> **TO DO**
Output the lines from the one holding "Some of the words" to the end of the entries that follow, exactly and only those, minus any pictures.

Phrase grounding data
---
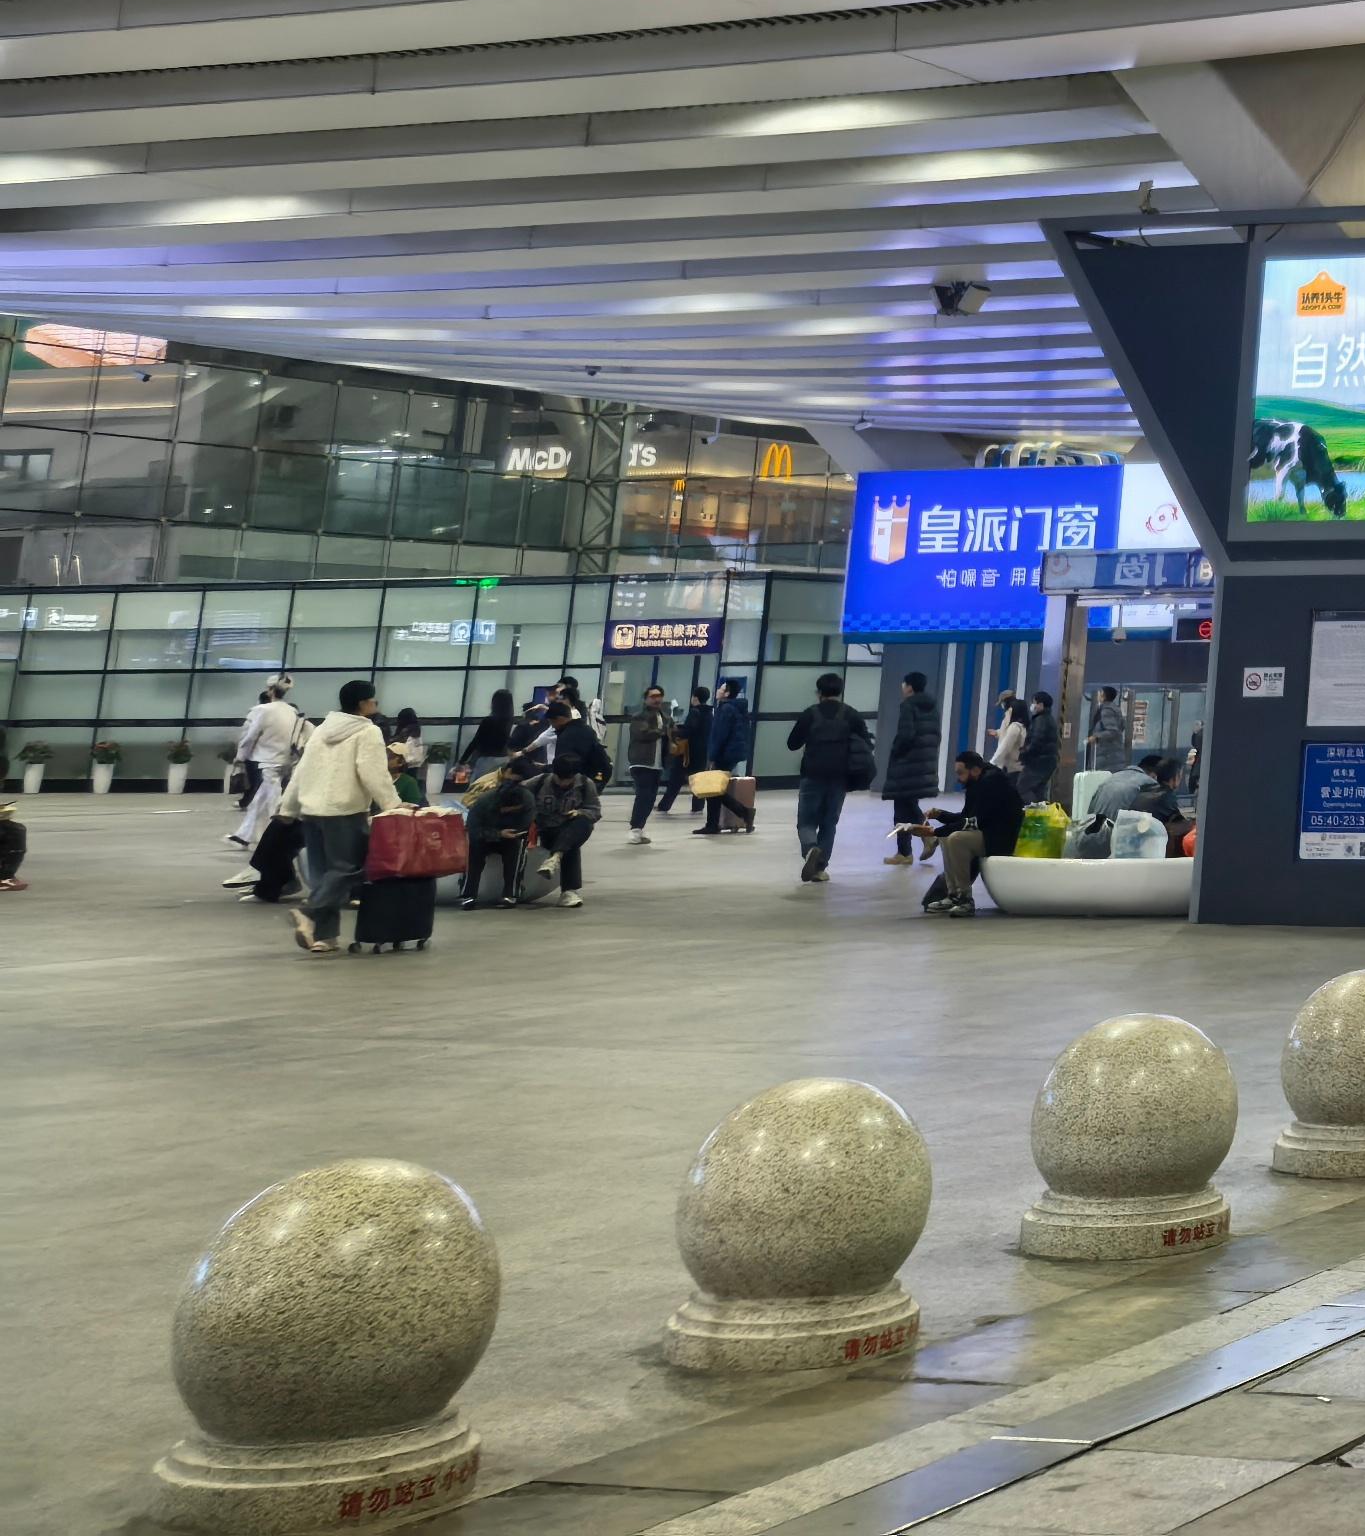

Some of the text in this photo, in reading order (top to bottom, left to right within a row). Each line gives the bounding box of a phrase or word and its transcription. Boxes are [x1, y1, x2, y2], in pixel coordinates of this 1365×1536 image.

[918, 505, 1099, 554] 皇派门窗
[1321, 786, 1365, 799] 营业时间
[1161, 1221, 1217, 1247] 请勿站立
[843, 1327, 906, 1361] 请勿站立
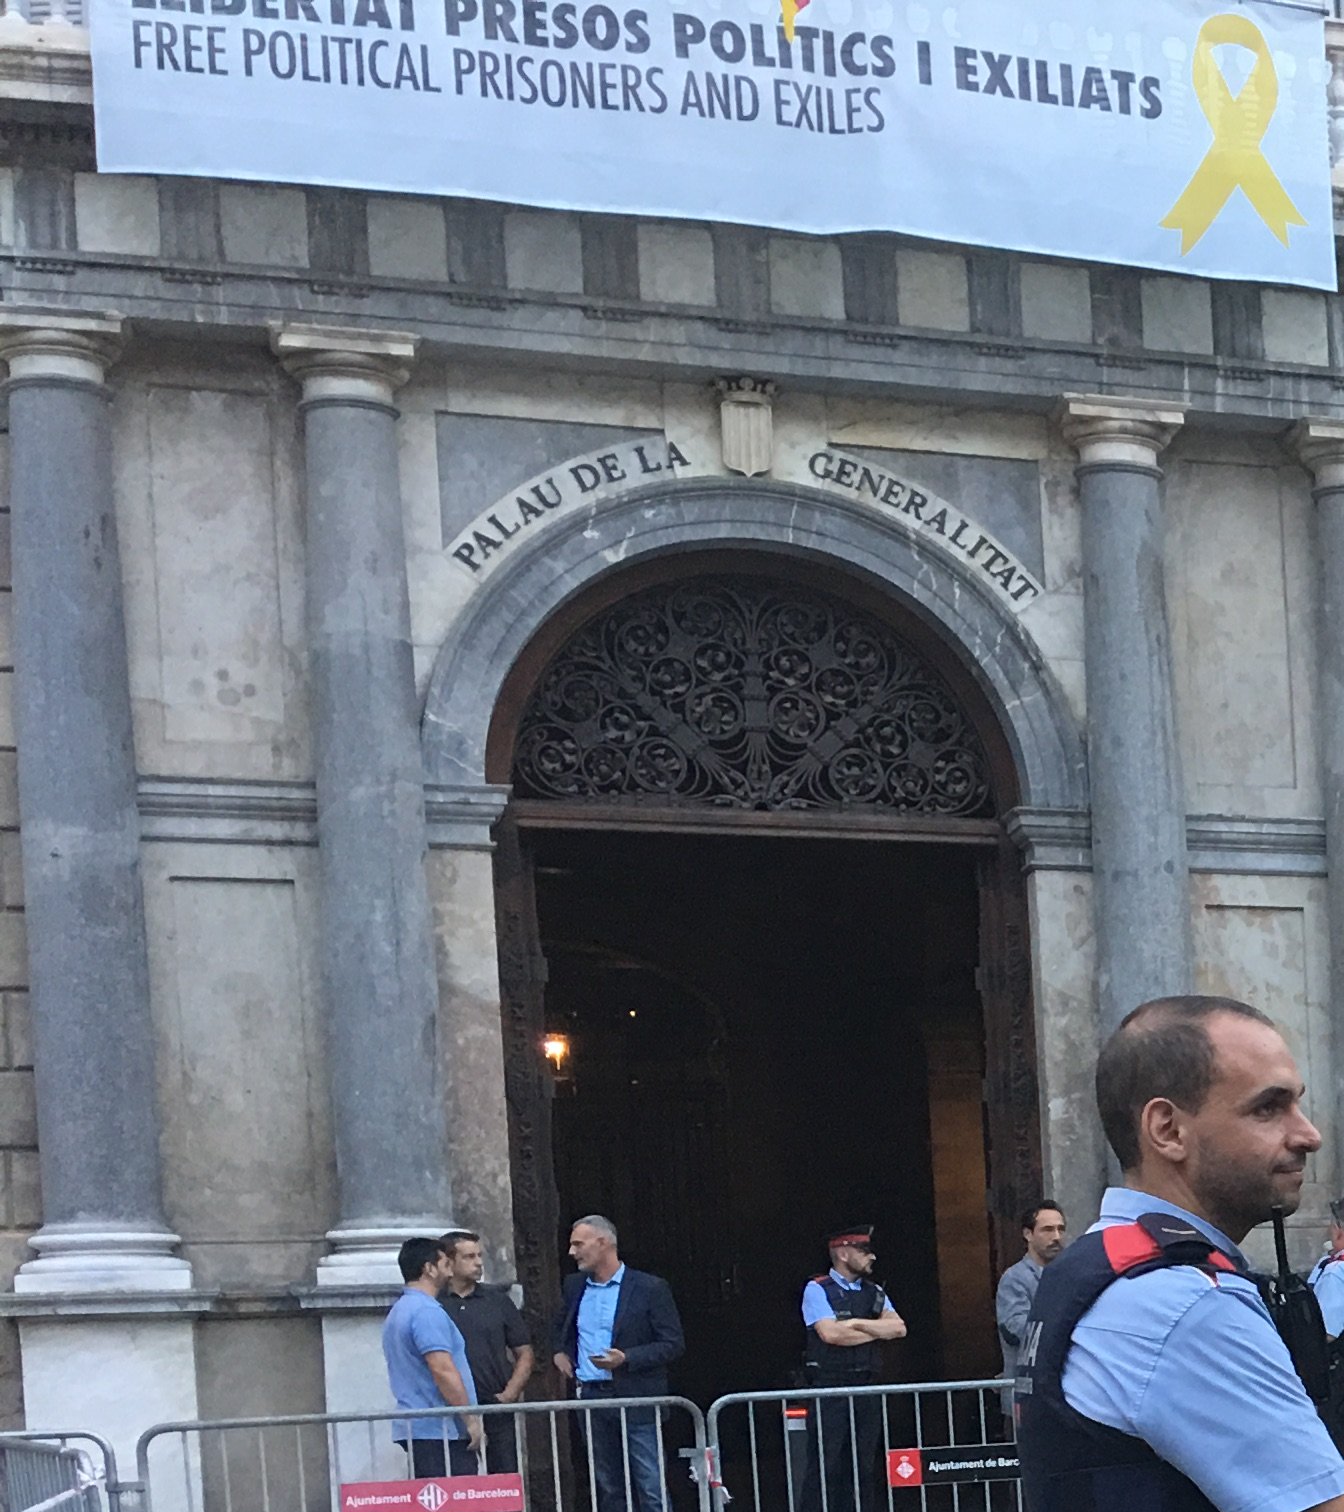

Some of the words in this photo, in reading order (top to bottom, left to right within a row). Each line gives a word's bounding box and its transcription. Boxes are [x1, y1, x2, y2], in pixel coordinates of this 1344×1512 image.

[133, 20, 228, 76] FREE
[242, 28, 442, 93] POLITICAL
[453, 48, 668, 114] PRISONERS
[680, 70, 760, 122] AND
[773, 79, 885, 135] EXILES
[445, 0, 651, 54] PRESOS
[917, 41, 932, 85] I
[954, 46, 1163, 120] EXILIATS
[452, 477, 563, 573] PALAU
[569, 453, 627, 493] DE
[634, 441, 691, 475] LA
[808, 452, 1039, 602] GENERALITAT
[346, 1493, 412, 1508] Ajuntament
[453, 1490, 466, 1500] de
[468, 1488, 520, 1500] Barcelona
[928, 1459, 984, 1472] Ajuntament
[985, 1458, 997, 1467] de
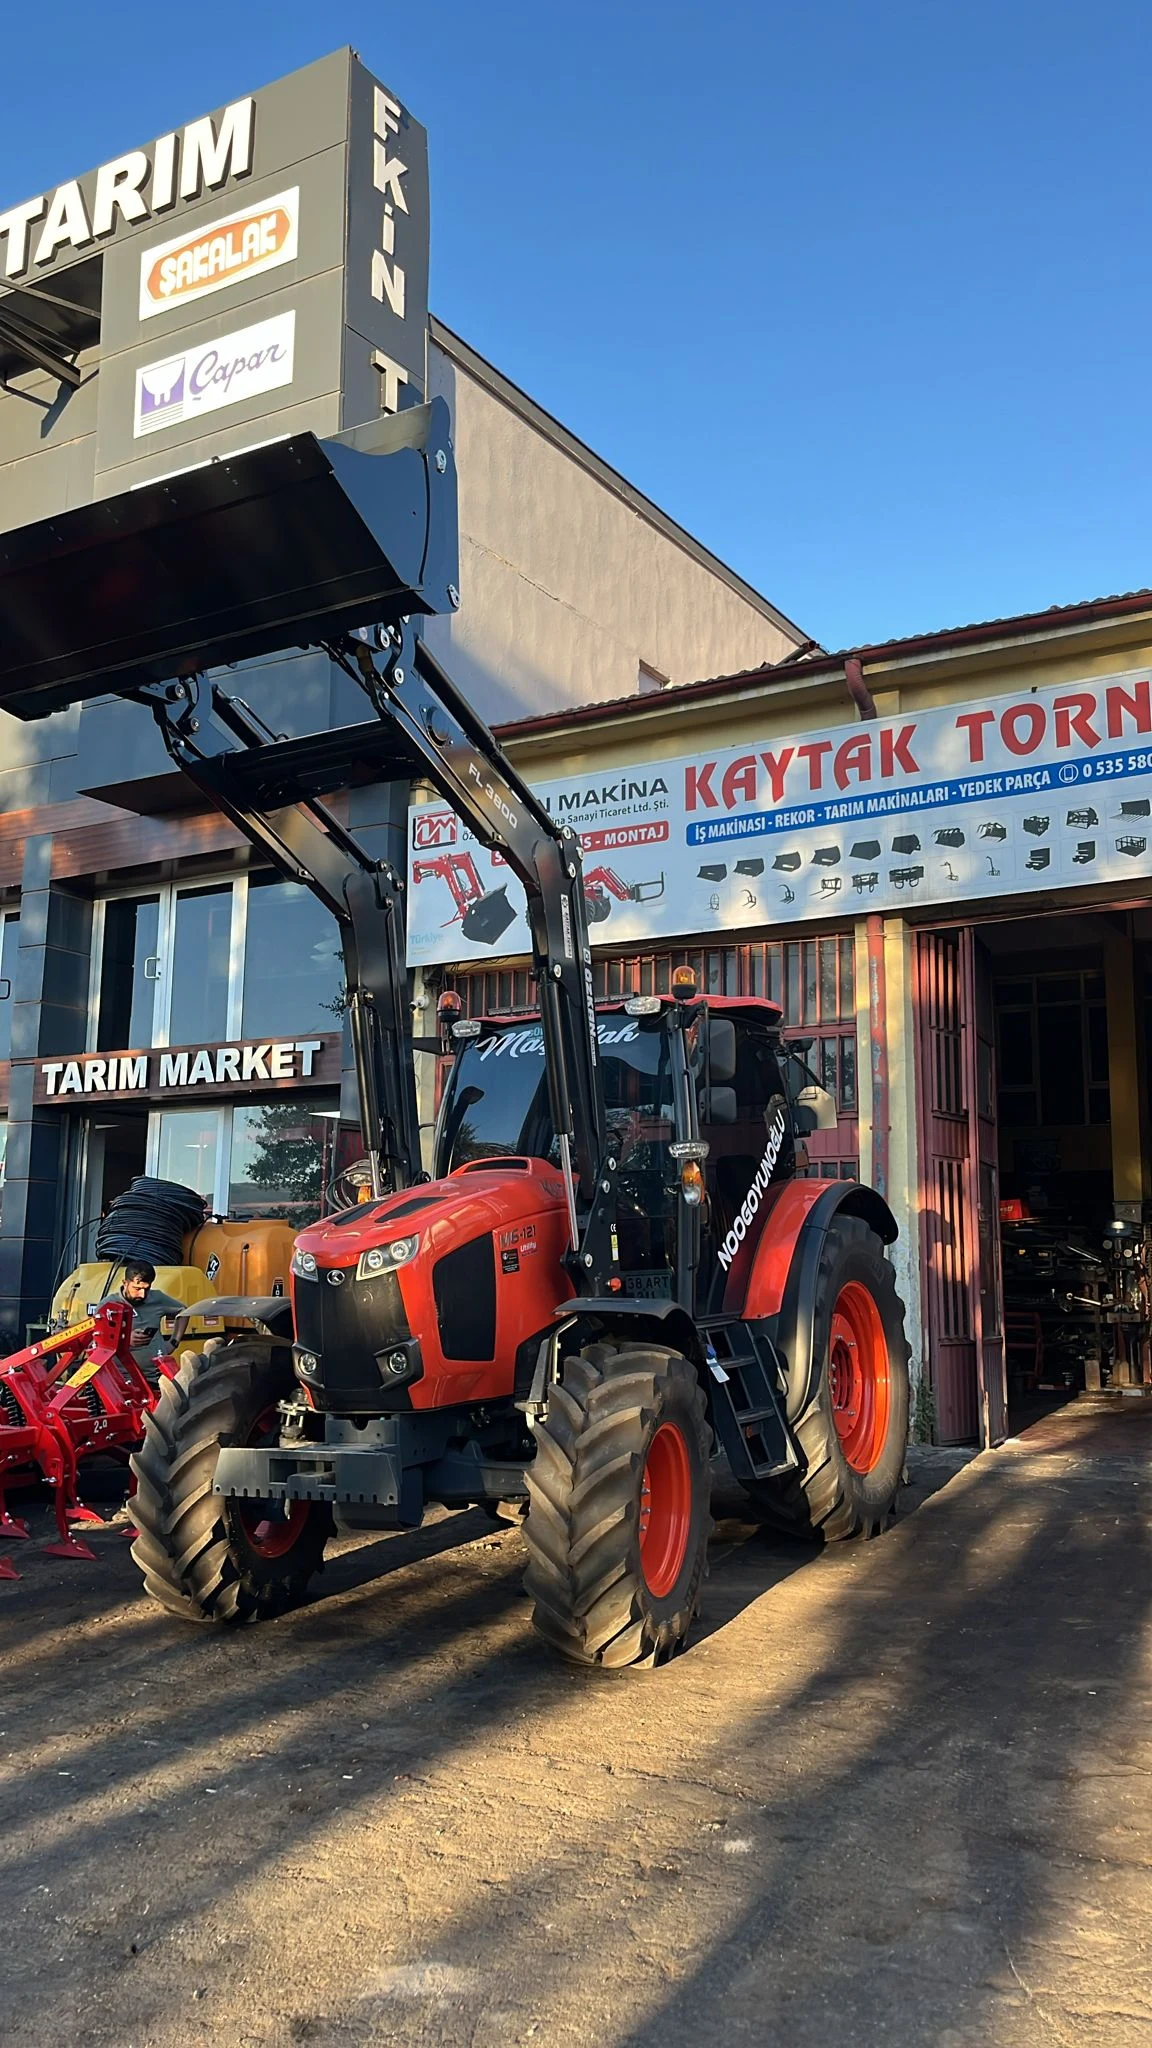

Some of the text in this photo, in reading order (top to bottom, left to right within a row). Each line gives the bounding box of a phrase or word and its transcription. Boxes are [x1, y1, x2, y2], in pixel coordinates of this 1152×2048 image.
---
> **ANSWER TO THE EXERCISE**
Some of the words in this photo, in reading order (top to bottom, left to right within a row). Each line gives a word's bounding box and its transcription. Boxes are [x1, y1, x2, y2], in pixel coordinates of this 1344×1512 image.

[133, 20, 228, 76] FREE
[242, 28, 442, 93] POLITICAL
[453, 48, 668, 114] PRISONERS
[680, 70, 760, 122] AND
[773, 79, 885, 135] EXILES
[445, 0, 651, 54] PRESOS
[917, 41, 932, 85] I
[954, 46, 1163, 120] EXILIATS
[452, 477, 563, 573] PALAU
[569, 453, 627, 493] DE
[634, 441, 691, 475] LA
[808, 452, 1039, 602] GENERALITAT
[346, 1493, 412, 1508] Ajuntament
[453, 1490, 466, 1500] de
[468, 1488, 520, 1500] Barcelona
[928, 1459, 984, 1472] Ajuntament
[985, 1458, 997, 1467] de

Some of the text in this photo, in reading order (top to bottom, left to right within a row). Each line gives the bounding box of a phrase or word and its transcription. Boxes are [x1, y1, x2, y2], in pixel coordinates of this 1152×2048 image.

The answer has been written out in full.